It was past any construct of my imagination, I thought wryly. This idyll of ours. 

"I wager even Ar-Pharazôn of Númenor had no nude slaves as lovely as you to feed him grapes." I waved at him. 

"The Kings of Elros's line kept their serving boys castrated, I read. It was so that they may preserve their sweet youth and voice," He noted. "I am certain they were lovelier." 

I glanced across at him, at how he sat there without self-consciousness, free in his skin, framed by the hyssops and the merry river. "I prefer my serving boy uncastrated. The grapes are more flavorful then."

His eyes sparkled in amusement at my silly words. "You dislike grapes. The oysters are best eaten fresh. They would lose their flavor if I waited to dress before I fed you."

"You have become a nudist."

He did not reply for a long moment. I turned to throw a bracing hand on his thigh. He could do whatever he pleased. He was alive.
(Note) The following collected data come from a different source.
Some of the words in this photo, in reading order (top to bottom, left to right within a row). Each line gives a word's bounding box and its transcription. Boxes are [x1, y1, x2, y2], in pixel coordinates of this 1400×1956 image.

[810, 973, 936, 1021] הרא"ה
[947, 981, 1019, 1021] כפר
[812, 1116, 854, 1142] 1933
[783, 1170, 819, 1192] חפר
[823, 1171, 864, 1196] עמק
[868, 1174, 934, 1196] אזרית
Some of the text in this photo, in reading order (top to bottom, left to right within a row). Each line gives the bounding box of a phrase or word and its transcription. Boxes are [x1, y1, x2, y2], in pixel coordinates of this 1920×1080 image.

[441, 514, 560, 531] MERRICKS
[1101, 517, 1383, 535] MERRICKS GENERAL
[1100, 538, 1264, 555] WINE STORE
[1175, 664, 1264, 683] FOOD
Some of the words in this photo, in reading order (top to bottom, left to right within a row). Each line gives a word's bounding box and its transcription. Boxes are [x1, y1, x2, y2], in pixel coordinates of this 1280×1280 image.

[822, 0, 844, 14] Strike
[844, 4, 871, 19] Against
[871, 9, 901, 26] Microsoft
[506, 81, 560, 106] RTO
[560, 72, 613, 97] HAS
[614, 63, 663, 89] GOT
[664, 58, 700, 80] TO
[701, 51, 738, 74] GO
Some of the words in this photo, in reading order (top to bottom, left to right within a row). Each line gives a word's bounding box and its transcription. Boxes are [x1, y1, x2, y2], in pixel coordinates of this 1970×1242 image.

He could copulate with the stoats for all we cared. 

"It does not seem to matter now," he said finally, bringing an oyster to my mouth. "Perhaps I clung to modesty and reserve once merely because there were so many to wrest them away from me." I met his gaze and saw the silent question he could not bring himself to ask.

"It suits you," I offered. "Do as you please." I winked at him, grinning despite myself, touched by the dark humor of it all. "You cannot think that I mind the sight of you unclothed? If I had a jot of art in my blood, I would sketch you, every line and curve and hollow." I skimmed my fingers up the backs of his calves, and he collapsed in laughter at the sensation, ticklish there as he had been in the creation before. Disarmed by his laughter, I tugged him beside me, so that I may hold him close. 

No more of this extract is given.